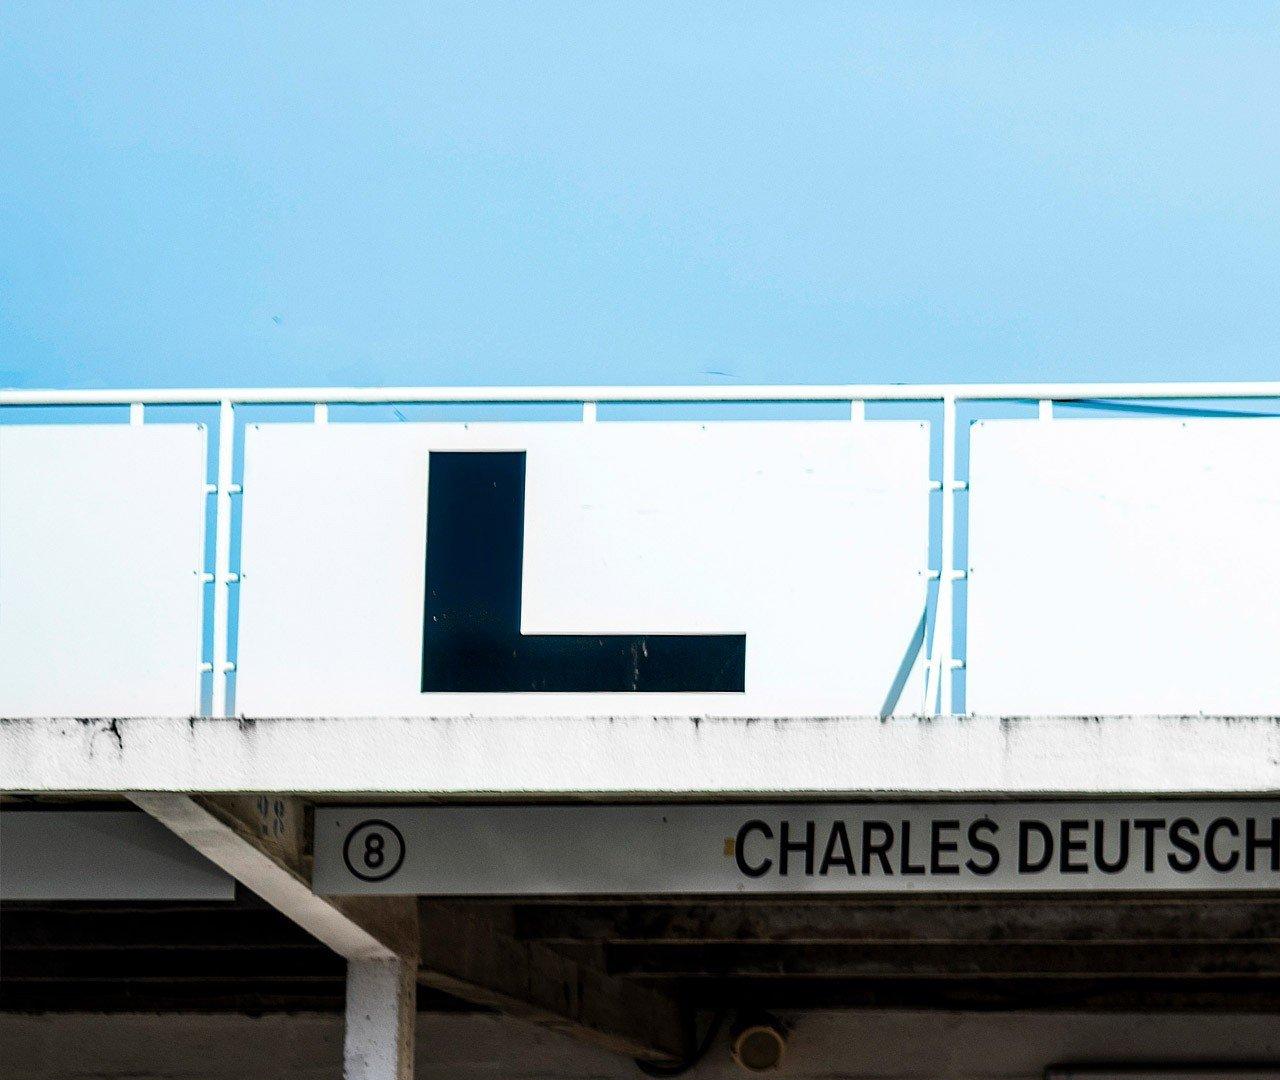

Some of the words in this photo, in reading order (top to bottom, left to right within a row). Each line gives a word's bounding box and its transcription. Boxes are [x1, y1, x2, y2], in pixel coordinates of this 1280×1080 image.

[421, 450, 746, 694] L
[363, 832, 386, 870] 8
[735, 818, 1000, 878] CHARLES
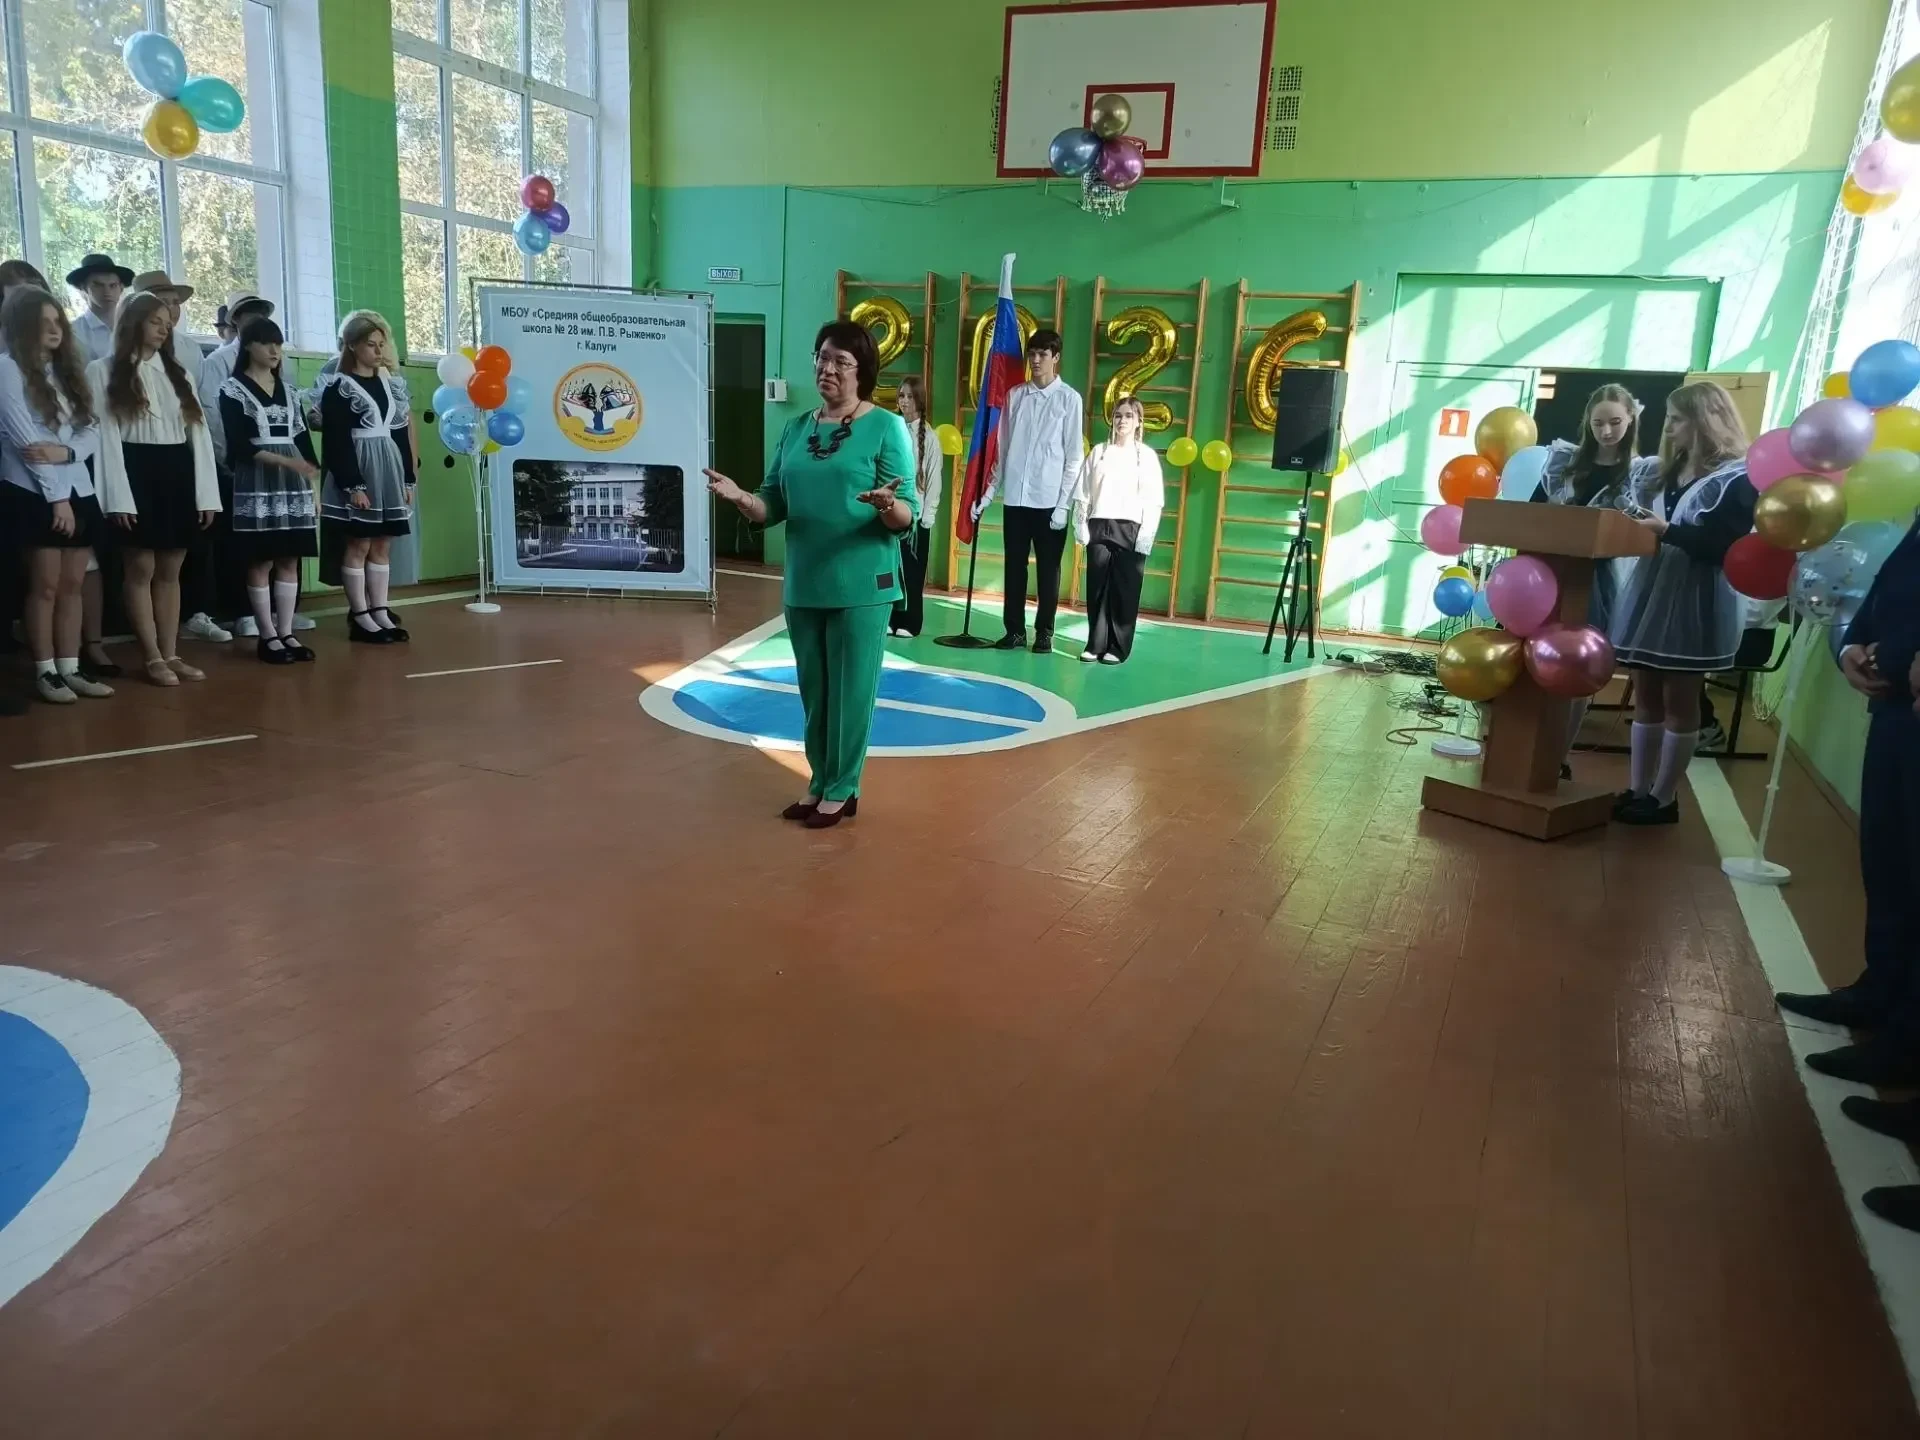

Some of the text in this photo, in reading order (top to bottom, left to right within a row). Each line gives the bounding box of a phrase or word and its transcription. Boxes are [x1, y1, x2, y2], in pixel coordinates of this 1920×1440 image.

[501, 306, 686, 328] МБОУ «Средняя общеобразовательная
[522, 324, 666, 341] школа № 28 им. П.В. Рыженко»
[577, 340, 617, 353] г. Калуги
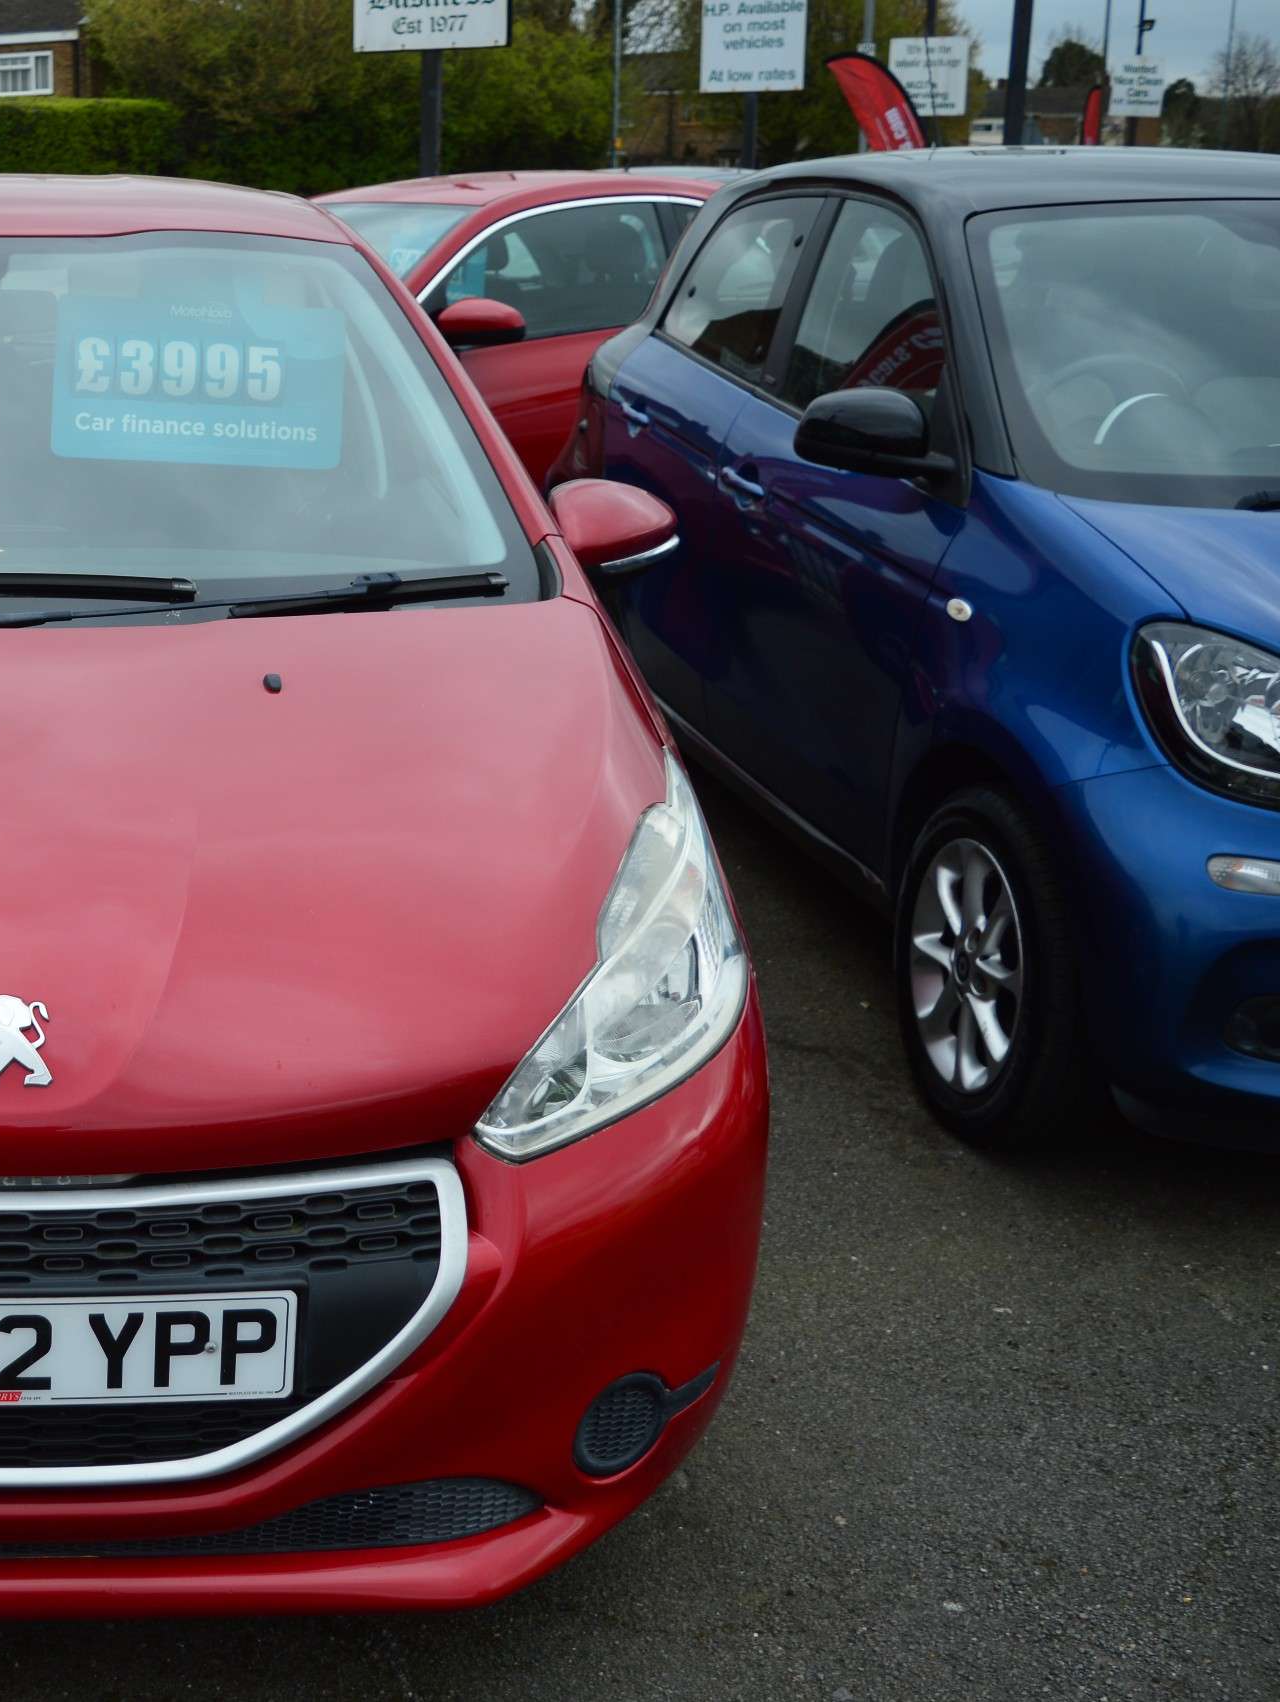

▸ YOUR TASK: Print each entry shown above with exact wording and no pictures.

▸ RESPONSE FOR THIS EXERCISE:
Some of the words in this photo, in reading order (top to bottom, left to right within a row). Each line gives a word's bounding box and its transcription. Boxes are [x1, y1, x2, y2], in pixel coordinates of this 1280×1080 image.

[421, 450, 746, 694] L
[363, 832, 386, 870] 8
[735, 818, 1000, 878] CHARLES

Some of the text in this photo, in reading order (top to bottom, left to right within a row). Each line gives the bounding box of a phrase or word and its transcription. Boxes are [x1, y1, x2, y2], in pixel coordinates of this 1920×1440 image.

[501, 306, 686, 328] МБОУ «Средняя общеобразовательная
[522, 324, 666, 341] школа № 28 им. П.В. Рыженко»
[577, 340, 617, 353] г. Калуги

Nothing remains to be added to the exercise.